WORK ITEM -
Reproduce exactly, from the line containing "this 1541×1302 image.", every line down to the end of the data below.

Spatial localization data
————

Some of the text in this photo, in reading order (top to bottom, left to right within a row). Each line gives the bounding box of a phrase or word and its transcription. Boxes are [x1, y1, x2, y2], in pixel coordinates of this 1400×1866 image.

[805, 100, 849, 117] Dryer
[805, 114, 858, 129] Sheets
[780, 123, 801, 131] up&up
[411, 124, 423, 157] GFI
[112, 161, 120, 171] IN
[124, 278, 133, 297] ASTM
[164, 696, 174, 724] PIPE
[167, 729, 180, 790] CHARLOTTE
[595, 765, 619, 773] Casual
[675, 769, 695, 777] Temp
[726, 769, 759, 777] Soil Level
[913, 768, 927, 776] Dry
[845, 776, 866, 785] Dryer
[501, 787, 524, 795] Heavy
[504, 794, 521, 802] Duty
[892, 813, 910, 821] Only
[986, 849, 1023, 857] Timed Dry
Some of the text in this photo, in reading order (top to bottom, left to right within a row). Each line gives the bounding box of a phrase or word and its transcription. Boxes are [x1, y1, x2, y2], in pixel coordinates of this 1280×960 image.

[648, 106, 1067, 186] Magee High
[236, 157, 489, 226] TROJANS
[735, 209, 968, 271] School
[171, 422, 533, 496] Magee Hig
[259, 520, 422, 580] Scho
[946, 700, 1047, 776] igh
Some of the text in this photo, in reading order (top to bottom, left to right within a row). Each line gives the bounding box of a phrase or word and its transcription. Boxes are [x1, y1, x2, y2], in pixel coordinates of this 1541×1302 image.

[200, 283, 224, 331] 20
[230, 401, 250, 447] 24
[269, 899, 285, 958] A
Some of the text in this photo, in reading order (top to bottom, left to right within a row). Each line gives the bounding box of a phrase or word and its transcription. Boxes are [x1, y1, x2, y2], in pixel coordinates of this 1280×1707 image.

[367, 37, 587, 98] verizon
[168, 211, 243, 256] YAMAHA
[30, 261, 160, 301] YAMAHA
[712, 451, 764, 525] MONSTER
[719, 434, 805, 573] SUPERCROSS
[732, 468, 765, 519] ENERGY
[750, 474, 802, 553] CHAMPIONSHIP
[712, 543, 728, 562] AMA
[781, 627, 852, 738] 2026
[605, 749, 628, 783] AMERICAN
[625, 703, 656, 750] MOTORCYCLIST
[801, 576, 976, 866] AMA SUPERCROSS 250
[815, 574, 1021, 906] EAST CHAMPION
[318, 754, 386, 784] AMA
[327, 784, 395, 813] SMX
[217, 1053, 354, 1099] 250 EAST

————

WRITTEN ANSWER -
Some of the text in this photo, in reading order (top to bottom, left to right within a row). Each line gives the bounding box of a phrase or word and its transcription. Boxes are [x1, y1, x2, y2], in pixel coordinates of this 1541×1302 image.

[200, 283, 224, 331] 20
[230, 401, 250, 447] 24
[269, 899, 285, 958] A
Some of the text in this photo, in reading order (top to bottom, left to right within a row). Each line gives the bounding box of a phrase or word and its transcription. Boxes are [x1, y1, x2, y2], in pixel coordinates of this 1280×1707 image.

[367, 37, 587, 98] verizon
[168, 211, 243, 256] YAMAHA
[30, 261, 160, 301] YAMAHA
[712, 451, 764, 525] MONSTER
[719, 434, 805, 573] SUPERCROSS
[732, 468, 765, 519] ENERGY
[750, 474, 802, 553] CHAMPIONSHIP
[712, 543, 728, 562] AMA
[781, 627, 852, 738] 2026
[605, 749, 628, 783] AMERICAN
[625, 703, 656, 750] MOTORCYCLIST
[801, 576, 976, 866] AMA SUPERCROSS 250
[815, 574, 1021, 906] EAST CHAMPION
[318, 754, 386, 784] AMA
[327, 784, 395, 813] SMX
[217, 1053, 354, 1099] 250 EAST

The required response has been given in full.